The 76ers erased that impact quickly by taking Queta off the floor. He logged only 15 minutes in the Celtics’ blowout win to open the series after picking up early fouls guarding Tyrese Maxey and Paul George. Deadline addition Nikola Vučević, a hedge against injuries or inconsistency at the position into the postseason, closed Game 2 in his place and received the bulk of the Game 3 minutes. Joel Embiid returned in Game 4 and drew two fouls in less than three minutes, taking him out again. Back court fouls frustrated Mazzulla, moving screens added to the trouble and Embiid barreled through anyone the Celtics placed in his way between Games 5 and 6. Queta finished the series with 4.1 fouls per 36 minutes.
“The big ones are some plays, it’s hard if somebody’s driving at him and he’s jumping vertical,” Vučević said. “Or he’s battling in the post, things like that, that just happens. But I think the ones where they get the rebound and we have to get back on defense and he’s trying to steal the ball, things like that, little cheap ones those could help him.”
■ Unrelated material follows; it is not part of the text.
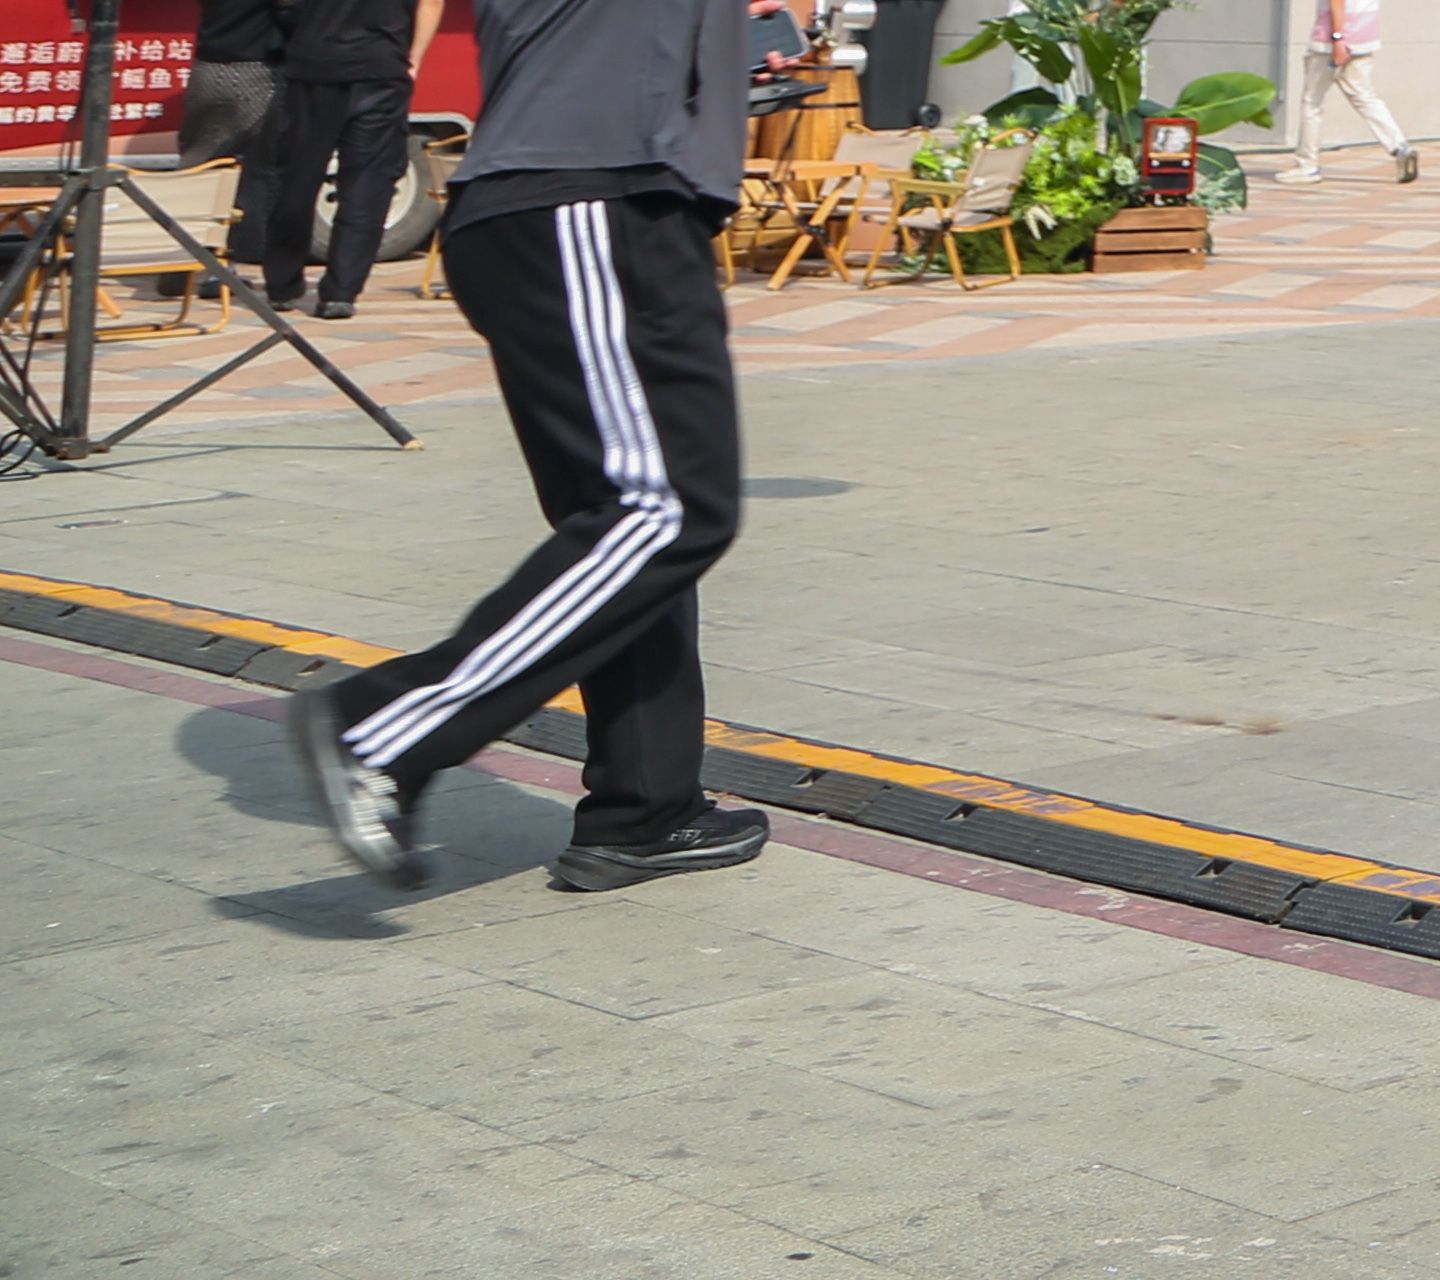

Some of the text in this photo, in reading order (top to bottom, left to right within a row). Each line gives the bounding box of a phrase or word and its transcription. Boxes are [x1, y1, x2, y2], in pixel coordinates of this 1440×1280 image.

By Game 7, Mazzulla replaced Queta in the starting lineup with Luka Garza as part of bold, sweeping changes to the starting lineup. Queta responded with 17 points, 12 rebounds and a full fourth quarter effort with his fellow regular contributors. He survived most of the frame with five fouls, but it was too little, too late.
The Celtics will now assess Queta’s strides with his postseason shortcomings, similar to most of the rest of the roster that came up short in the first round. Queta’s emergence still emphasizes an astounding drafting, scouting and development job by the Celtics front office under Brad Stevens. Queta arrived in Boston on a two-way contract in 2023 and logged only his first 30-minute NBA game in 2024-25. Game 7 marked his 13th of the 2026 season, showing strides in the pick-and-roll once Jayson Tatum returned that’ll keep him in play to retain his starting spot.
For Queta, a final season playing on the three-year, minimum deal that he signed following the championship season comes with a team option that could allow he and the team to discuss a long-term deal as soon as this summer. That would’ve been a no-brainer at one time, and now, Queta might find himself in a familiar territory to the one he found himself in when the Sacramento Kings waived him three years ago: proving himself all over again.
“(The playoffs) were different,” Queta admitted. “I was on the bench a lot of times. I can be better with that, fouls and all that … obviously, the game slows down, you’re playing the same team over-and-over again. They understand your tendencies and know your scout, running plays is harder-and-harder, game-by-game. I think that’s the main thing. You go through the same team over and over again, there aren’t as many breakdowns offensively and defensively, and the attention to detail is more there.”